▶ **Exercise aim**:
Take the entries below and print all of them exactly, please.

▶ **Supplied material**:
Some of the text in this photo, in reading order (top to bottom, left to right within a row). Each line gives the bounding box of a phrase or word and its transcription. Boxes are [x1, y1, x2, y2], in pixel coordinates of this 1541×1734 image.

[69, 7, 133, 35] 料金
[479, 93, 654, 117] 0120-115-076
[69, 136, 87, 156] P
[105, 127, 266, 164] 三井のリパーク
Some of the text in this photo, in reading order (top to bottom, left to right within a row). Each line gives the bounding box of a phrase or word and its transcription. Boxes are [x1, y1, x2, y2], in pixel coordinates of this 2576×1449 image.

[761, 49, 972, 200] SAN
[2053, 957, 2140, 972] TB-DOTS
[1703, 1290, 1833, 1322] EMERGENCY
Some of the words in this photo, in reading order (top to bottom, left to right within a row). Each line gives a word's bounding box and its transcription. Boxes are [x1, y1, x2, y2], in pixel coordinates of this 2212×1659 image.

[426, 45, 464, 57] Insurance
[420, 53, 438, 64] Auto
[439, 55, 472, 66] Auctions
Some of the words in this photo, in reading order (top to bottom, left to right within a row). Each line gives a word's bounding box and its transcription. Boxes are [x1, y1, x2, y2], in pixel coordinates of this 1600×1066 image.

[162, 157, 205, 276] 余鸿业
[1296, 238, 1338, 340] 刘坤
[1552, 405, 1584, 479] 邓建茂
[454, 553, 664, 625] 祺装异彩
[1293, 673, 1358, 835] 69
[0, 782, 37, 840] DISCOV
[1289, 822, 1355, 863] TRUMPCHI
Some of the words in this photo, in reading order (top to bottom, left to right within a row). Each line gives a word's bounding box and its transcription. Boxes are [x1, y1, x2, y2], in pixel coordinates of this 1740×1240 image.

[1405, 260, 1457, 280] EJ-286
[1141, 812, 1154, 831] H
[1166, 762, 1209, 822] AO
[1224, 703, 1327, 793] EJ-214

▶ **Final answer**:
Some of the text in this photo, in reading order (top to bottom, left to right within a row). Each line gives the bounding box of a phrase or word and its transcription. Boxes are [x1, y1, x2, y2], in pixel coordinates of this 1541×1734 image.

[69, 7, 133, 35] 料金
[479, 93, 654, 117] 0120-115-076
[69, 136, 87, 156] P
[105, 127, 266, 164] 三井のリパーク
Some of the text in this photo, in reading order (top to bottom, left to right within a row). Each line gives the bounding box of a phrase or word and its transcription. Boxes are [x1, y1, x2, y2], in pixel coordinates of this 2576×1449 image.

[761, 49, 972, 200] SAN
[2053, 957, 2140, 972] TB-DOTS
[1703, 1290, 1833, 1322] EMERGENCY
Some of the words in this photo, in reading order (top to bottom, left to right within a row). Each line gives a word's bounding box and its transcription. Boxes are [x1, y1, x2, y2], in pixel coordinates of this 2212×1659 image.

[426, 45, 464, 57] Insurance
[420, 53, 438, 64] Auto
[439, 55, 472, 66] Auctions
Some of the words in this photo, in reading order (top to bottom, left to right within a row). Each line gives a word's bounding box and its transcription. Boxes are [x1, y1, x2, y2], in pixel coordinates of this 1600×1066 image.

[162, 157, 205, 276] 余鸿业
[1296, 238, 1338, 340] 刘坤
[1552, 405, 1584, 479] 邓建茂
[454, 553, 664, 625] 祺装异彩
[1293, 673, 1358, 835] 69
[0, 782, 37, 840] DISCOV
[1289, 822, 1355, 863] TRUMPCHI
Some of the words in this photo, in reading order (top to bottom, left to right within a row). Each line gives a word's bounding box and its transcription. Boxes are [x1, y1, x2, y2], in pixel coordinates of this 1740×1240 image.

[1405, 260, 1457, 280] EJ-286
[1141, 812, 1154, 831] H
[1166, 762, 1209, 822] AO
[1224, 703, 1327, 793] EJ-214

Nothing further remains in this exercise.